The current study has several limitations. First, although we enrolled 123 aSAH patients in this study, this was a single-center study, which is characterized by a small sample size and therefore, a larger cohort study is required to validate the current conclusions. Second, serum NOX2 levels were only tested at admission time. Hence, investigation of its dynamic change in future may be of clinical significance.
Conclusion
To the best of our knowledge, this is the first series for using multifactorial analysis to discern the relationship between serum NOX2 levels and hemorrhage severity, DCI, and long-term functional outcome after aSAH. In the current study, serum NOX2 levels are independently associated with WFNS score, mFisher score, DCI, and 90-day poor prognosis, suggesting that serum NOX2 levels may be highly correlated with hemorrhage severity, DCI, and long-term functional outcome. Thus, serum NOX2 may be a potential biomarker for assessing hemorrhage severity and predicting DCI and 90-day functional outcome after aSAH.
Acknowledgments
The authors thank all staffs in Department of Neurosurgery, the Affiliated Hangzhou First People’s Hospital, Zhejiang University School of Medicine (Hangzhou, China) for their technical support.
Funding Statement
This work is financially supported by Construction Fund of Medical Key Disciplines of Hangzhou (No.
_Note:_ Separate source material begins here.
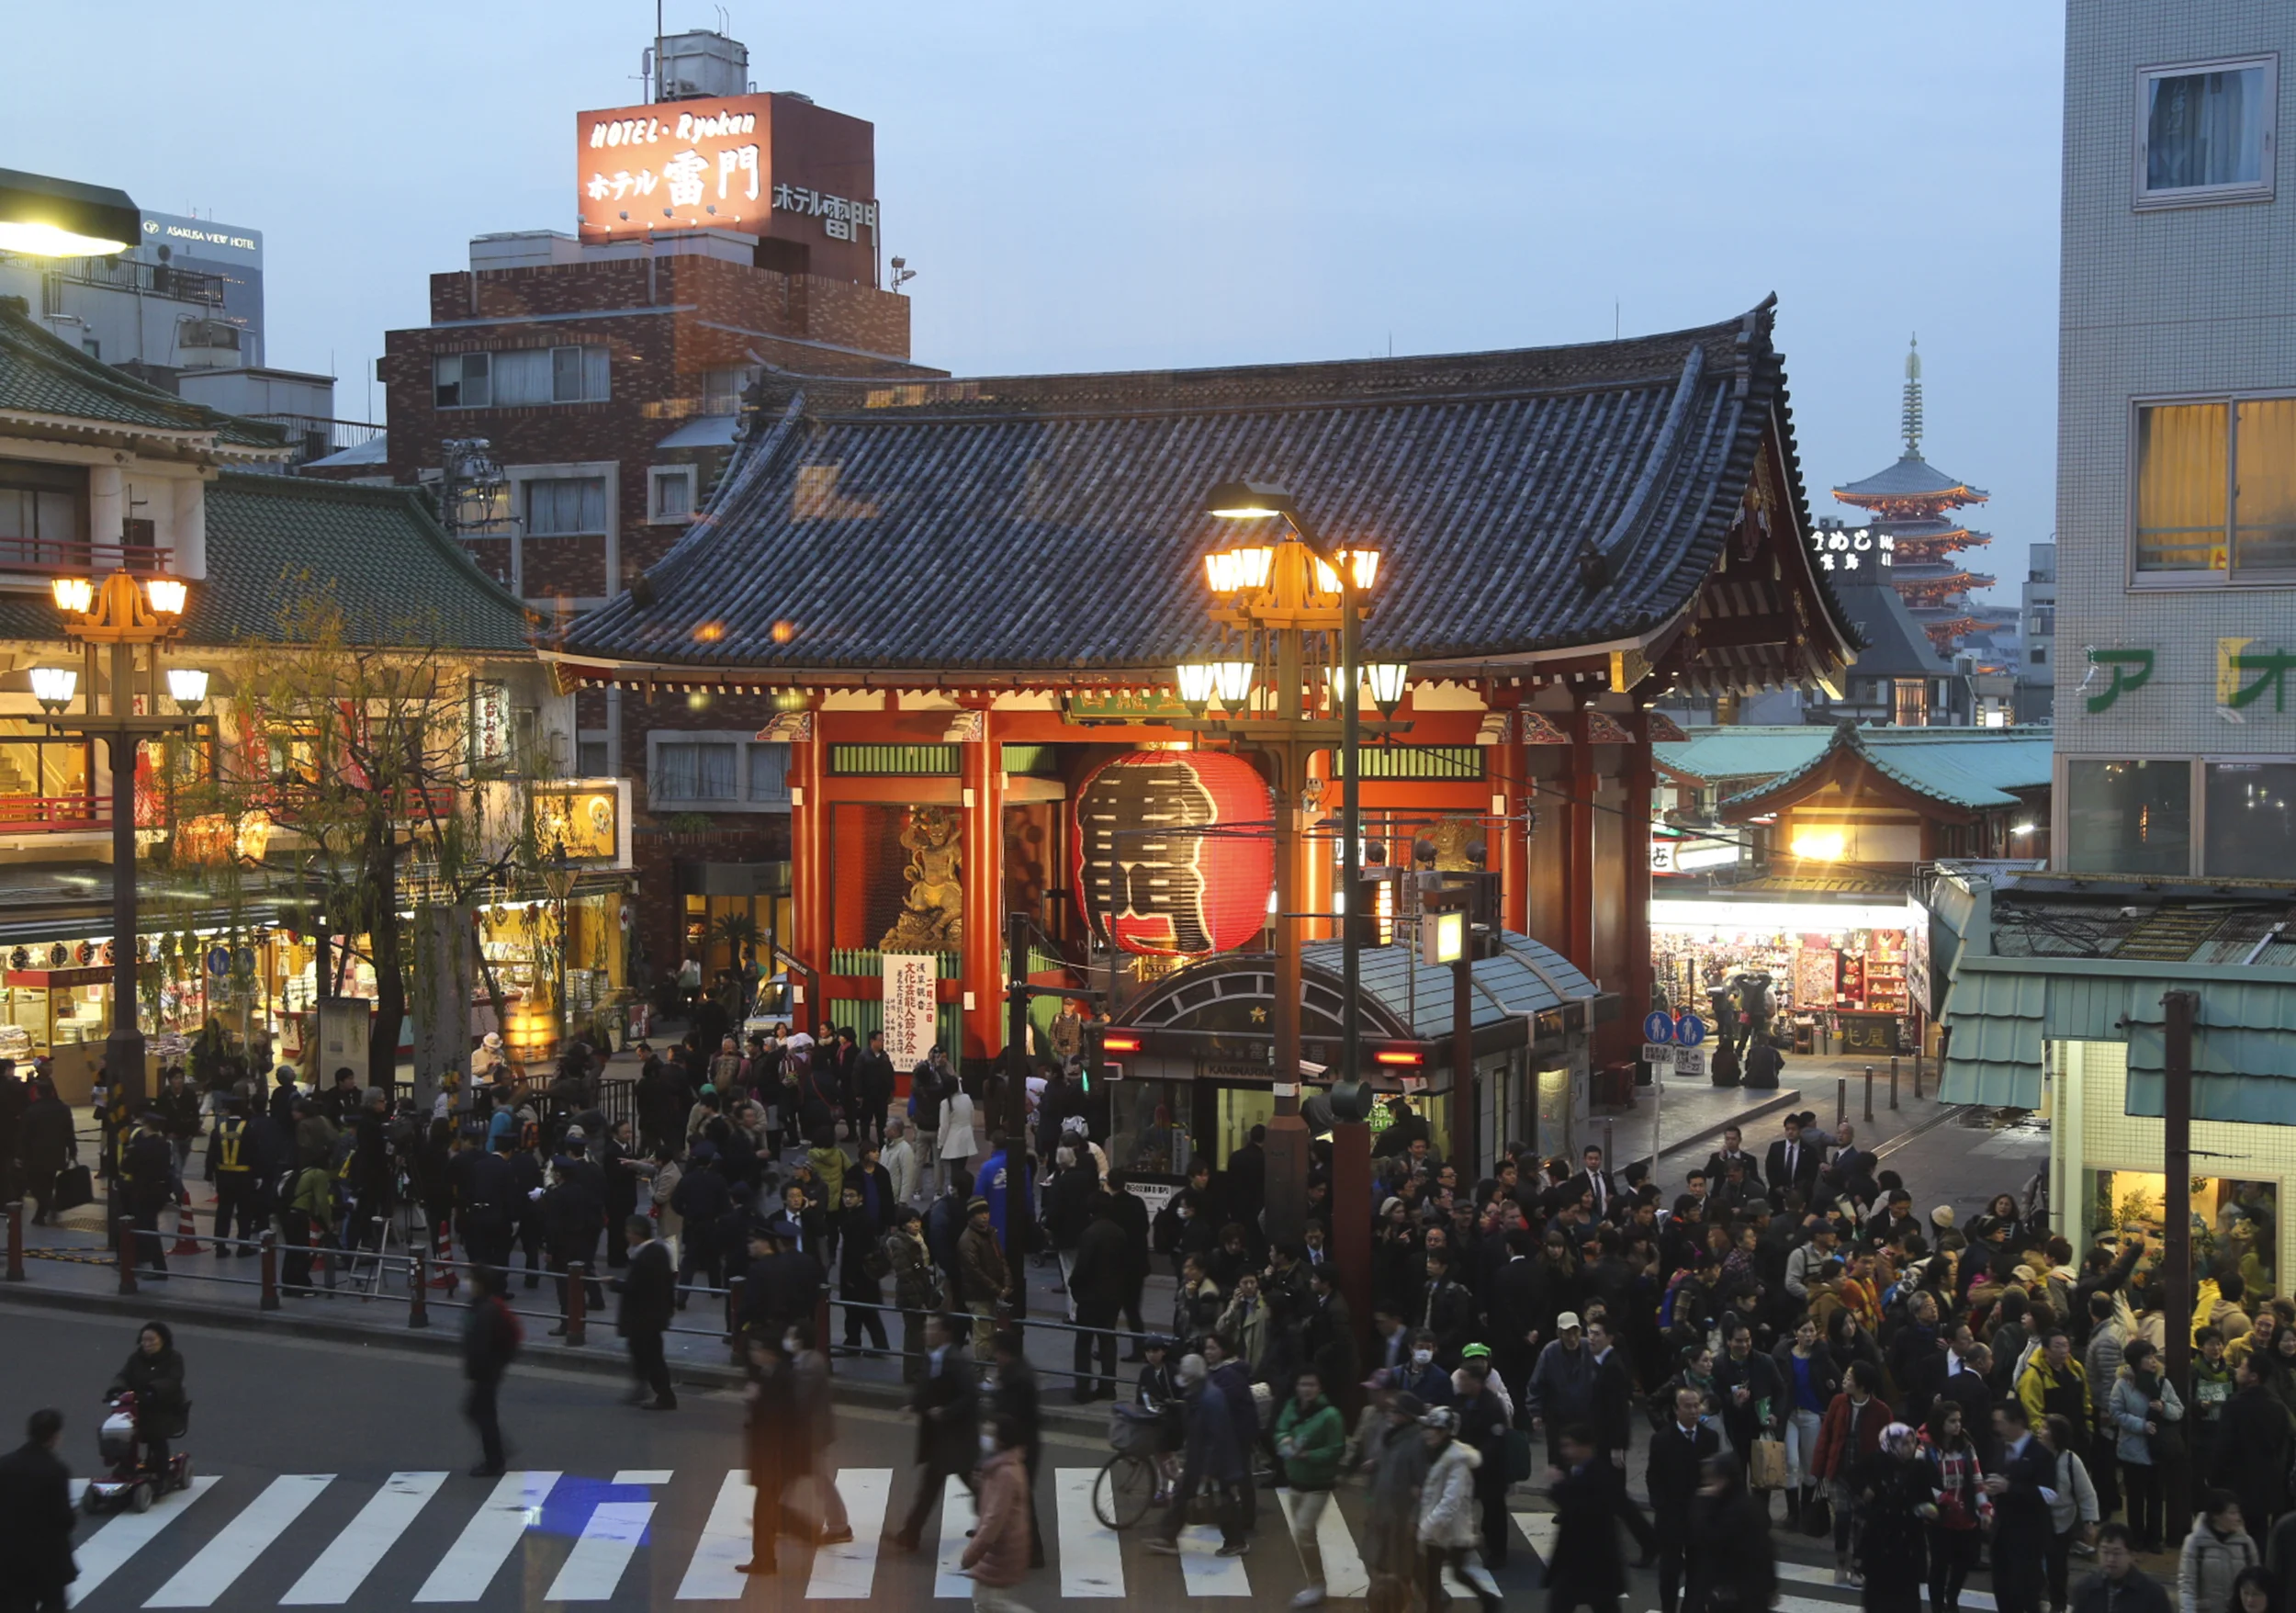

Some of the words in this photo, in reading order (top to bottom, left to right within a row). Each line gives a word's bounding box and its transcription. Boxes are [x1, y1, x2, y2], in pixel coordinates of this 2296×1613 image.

OO20200485; No. OO20200055), Health Science and Technology Project of Zhejiang Province (No. 2021427523; No. 2022510185), Health Science and Technology Project of Hangzhou (No. A20200514) and Zhejiang Provincial Public Welfare Research Project (No. LGD20H090004).
Abbreviations
aSAH, aneurysmal subarachnoid hemorrhage; WFNS, World Federation of Neurological Surgeons scale; mFisher, modified Fisher; mRS, Modified Rankin scale; CT, computerized tomography; ROC, receiver operating characteristic; AUC, area under curve; 95% CI, 95% confidence interval; ROS, reactive oxygen species.
Data Sharing Statement
The data that support the findings of this study are available on request from the corresponding author. The data are not publicly available due to privacy or ethical restrictions.
Ethics Statement
This study was carried out in accordance with the ethical guidelines of the Helsinki Declaration, and its protocol was approved by the Institutional Review Committee of the Affiliated Hangzhou First People’s Hospital, Zhejiang University School of Medicine (Opinion number: Medical Ethics Review No. (058)-01). Relatives of patients and controls themselves gave written informed consent to participate in this study.
Disclosure
The authors declare that they have no competing interests.